Why are we learning about mixed models?
Case study: Regression for several individuals
Assumptions of the General Linear Model
Assumptions of the General Linear Mixed Model
Increasing assumptions:
\(y_i \sim N(\mu_i, \sigma^2)\), \(\mu_i = \beta_0 + \beta_1 x_i\)
\(y_{ij} \sim N(\mu_{ij}, \sigma^2)\), \(\mu_{ij} = \beta_{0i} + \beta_1 x_{ij}\)
\(y_{ij}|b_{0i} \sim N(\mu_{ij}, \sigma^2)\), \(\mu_{ij} = \beta_{0} + b_{0i} + \beta_1 x_{ij}\), \(b_{0i} \sim N(0, \sigma^2_0)\)
\(y_{ij}|b_{0i},b_{1i} \sim N(\mu_{ij}, \sigma^2)\), \(\mu_{ij} = \beta_{0} + b_{0i} + \beta_1 x_{ij}\), \(\begin{bmatrix}b_{0i} \\ b_{1i} \end{bmatrix} \sim N \left( \begin{bmatrix}0 \\ 0 \end{bmatrix}, \begin{bmatrix}\sigma^2_{0} & \sigma^2_{01} \\ \sigma^2_{01} & \sigma^2_{1} \end{bmatrix} \right)\).
What implications do random effects have over modeling as fixed effects?
What minimum information would we need?
Data can be found here.
library(tidyverse)
ggplot2::theme_set(
theme_classic()+
theme(aspect.ratio = 1))
dd <- read.csv("data/student_data.csv") %>%
rownames_to_column("student_ID") %>%
pivot_longer(cols = c(G1, G2), values_to = "prev_grade", names_to = "term")
dd %>%
ggplot(aes(prev_grade, G3))+
geom_point()+
facet_wrap(~school)
library(nlme)
m1 <- lm(G3 ~ school + prev_grade : school, data = dd)
m2 <- lm(G3 ~ school+ prev_grade : school + student_ID , data = dd)
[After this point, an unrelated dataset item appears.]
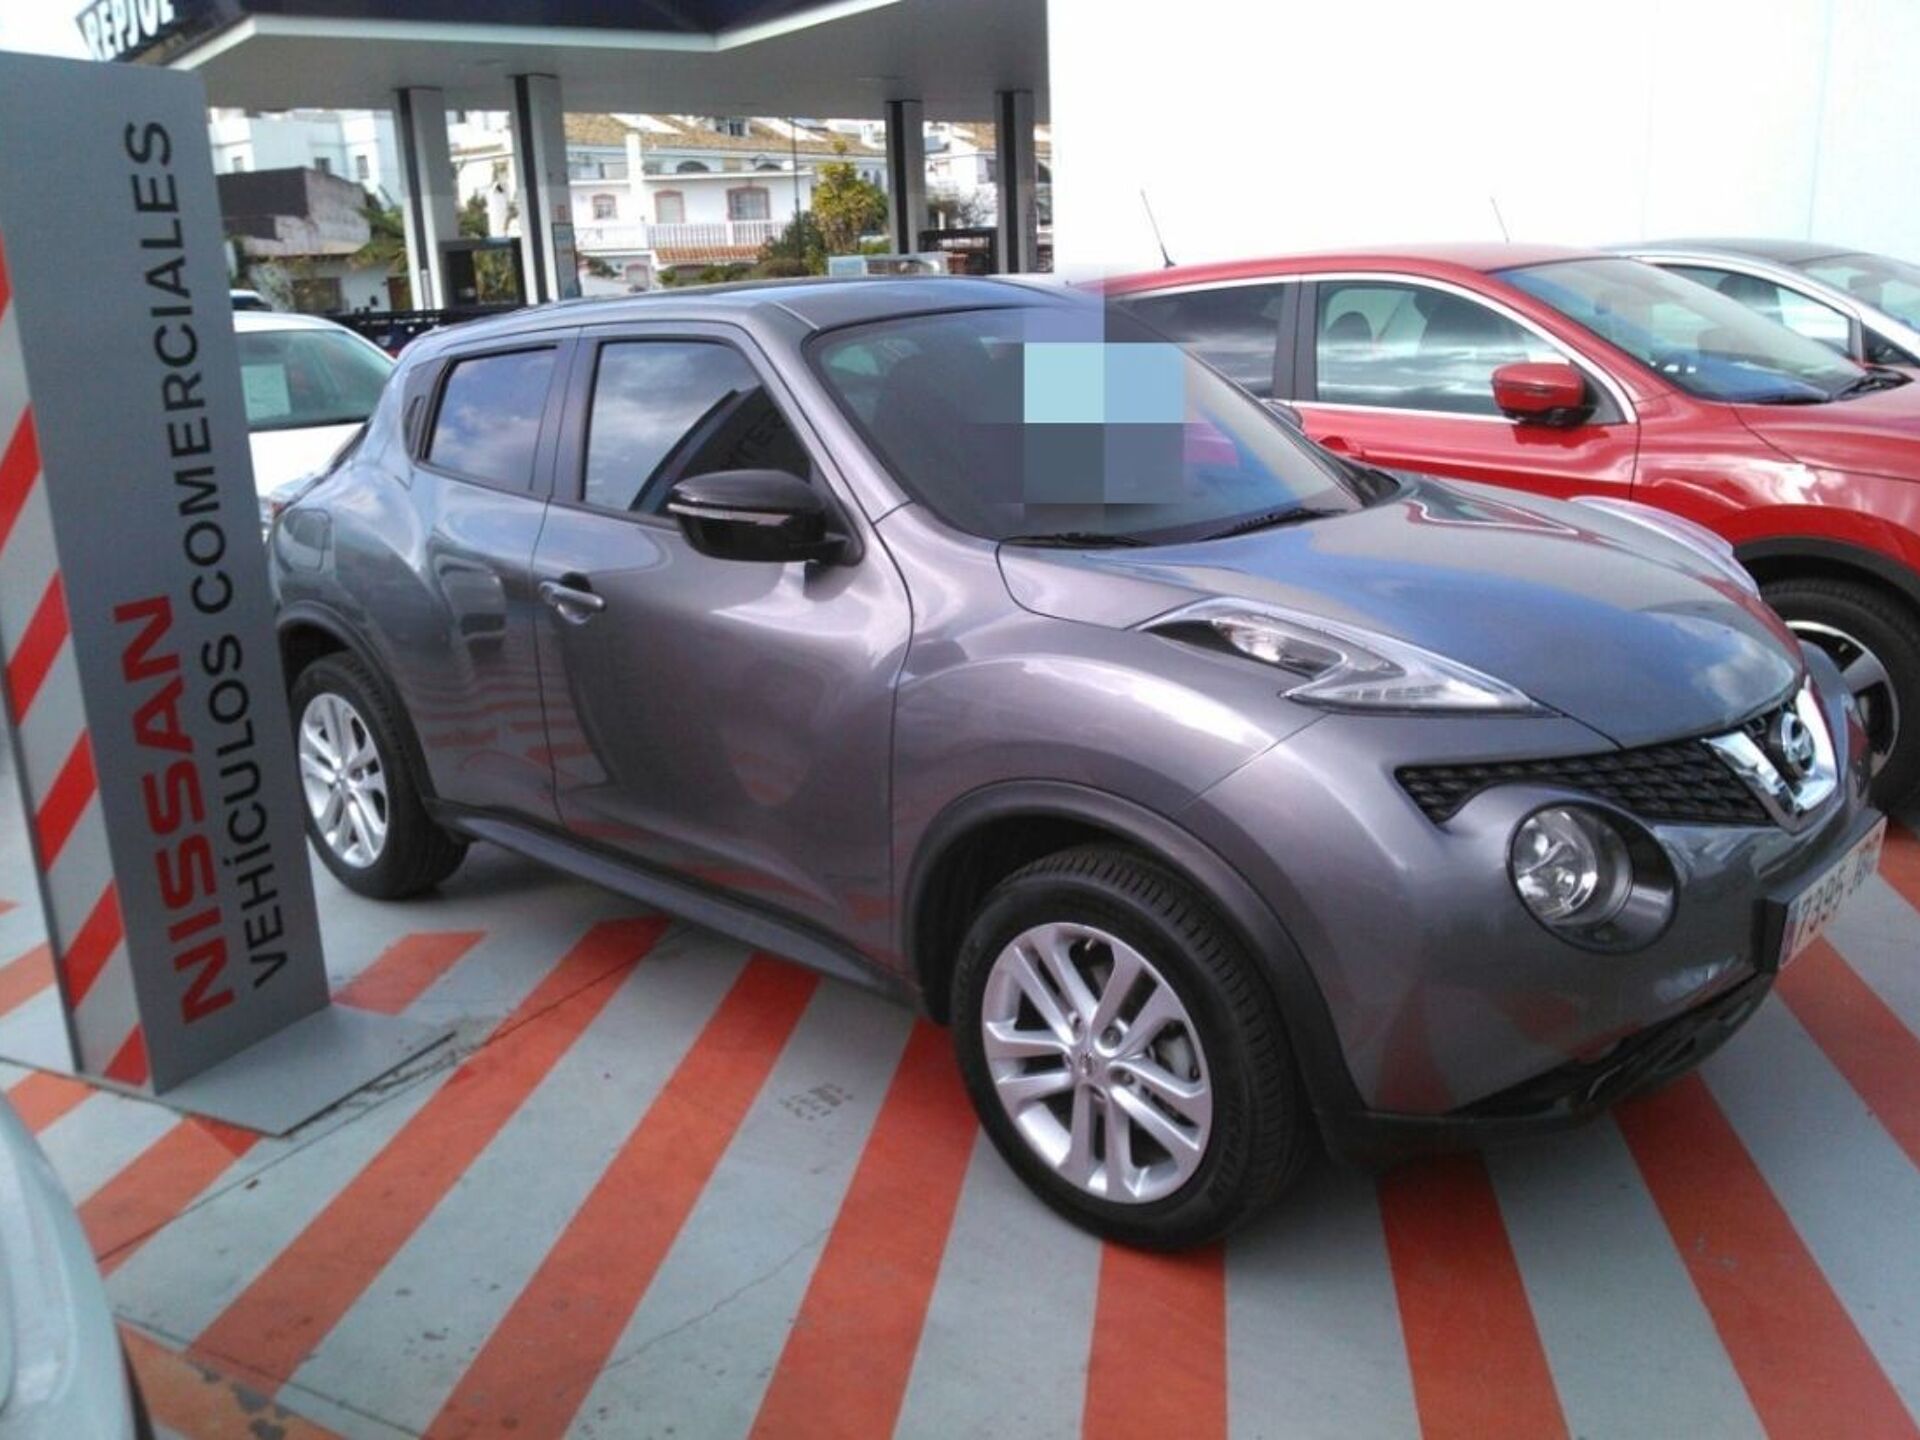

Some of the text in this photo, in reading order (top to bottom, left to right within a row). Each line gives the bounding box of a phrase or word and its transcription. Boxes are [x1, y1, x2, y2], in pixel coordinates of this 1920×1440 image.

[114, 597, 234, 1023] NISSAN
[125, 122, 288, 989] VEHÍCULOS COMERCIALES
m3 <- lm(G3 ~ school + prev_grade : school : student_ID , data = dd)
coef(m3)[1:10]
## (Intercept) schoolMS
## 2.0328301 4.7690565
## schoolGP:prev_grade:student_ID1 schoolMS:prev_grade:student_ID1
## 0.7153913 NA
## schoolGP:prev_grade:student_ID10 schoolMS:prev_grade:student_ID10
## 0.8932255 NA
## schoolGP:prev_grade:student_ID100 schoolMS:prev_grade:student_ID100
## 0.7344209 NA
## schoolGP:prev_grade:student_ID101 schoolMS:prev_grade:student_ID101
## 0.4238814 NA
m4 <- lme(G3 ~ prev_grade : school, random = ~ 1|student_ID, data = dd)
m4
## Linear mixed-effects model fit by REML
## Data: dd
## Log-restricted-likelihood: 11599.37
## Fixed: G3 ~ prev_grade:school
## (Intercept) prev_grade:schoolGP prev_grade:schoolMS
## 8.241470e+00 1.440638e-16 5.131282e-16
##
## Random effects:
## Formula: ~1 | student_ID
## (Intercept) Residual
## StdDev: 5.069187 1.203865e-15
##
## Number of Observations: 790
## Number of Groups: 395
m5 <- lme(G3 ~ school + prev_grade : school, random = ~ 0+prev_grade|student_ID, data = dd)
m5
## Linear mixed-effects model fit by REML
## Data: dd
## Log-restricted-likelihood: -1703.618
## Fixed: G3 ~ school + prev_grade:school
## (Intercept) schoolMS schoolGP:prev_grade schoolMS:prev_grade
## 1.1265131 -0.5328518 0.8166789 0.8526936
##
## Random effects:
## Formula: ~0 + prev_grade | student_ID
## prev_grade Residual
## StdDev: 0.3015872 0.9551379
##
## Number of Observations: 790
## Number of Groups: 395
dd$p1 <- predict(m1, dd)
dd$p2 <- predict(m2, dd)
dd$p3 <- predict(m3, dd)
dd$p4 <- predict(m4, dd)
dd$p5 <- predict(m5, dd)
dd %>%
ggplot(aes())+
facet_wrap(~school)+
geom_point(aes(x =prev_grade, y=G3))+
geom_point(aes(x=prev_grade, y=p2, group = school), color = 'lightblue')+
geom_point(aes(x=prev_grade, y=p3, group = school), color = 'orange')+
geom_point(aes(x=prev_grade, y=p4, group = school), color = 'gold')+
geom_point(aes(x=prev_grade, y=p5, group = school), color = 'lightgreen')+
geom_point(aes(x=prev_grade, y=p1), color = 'tomato')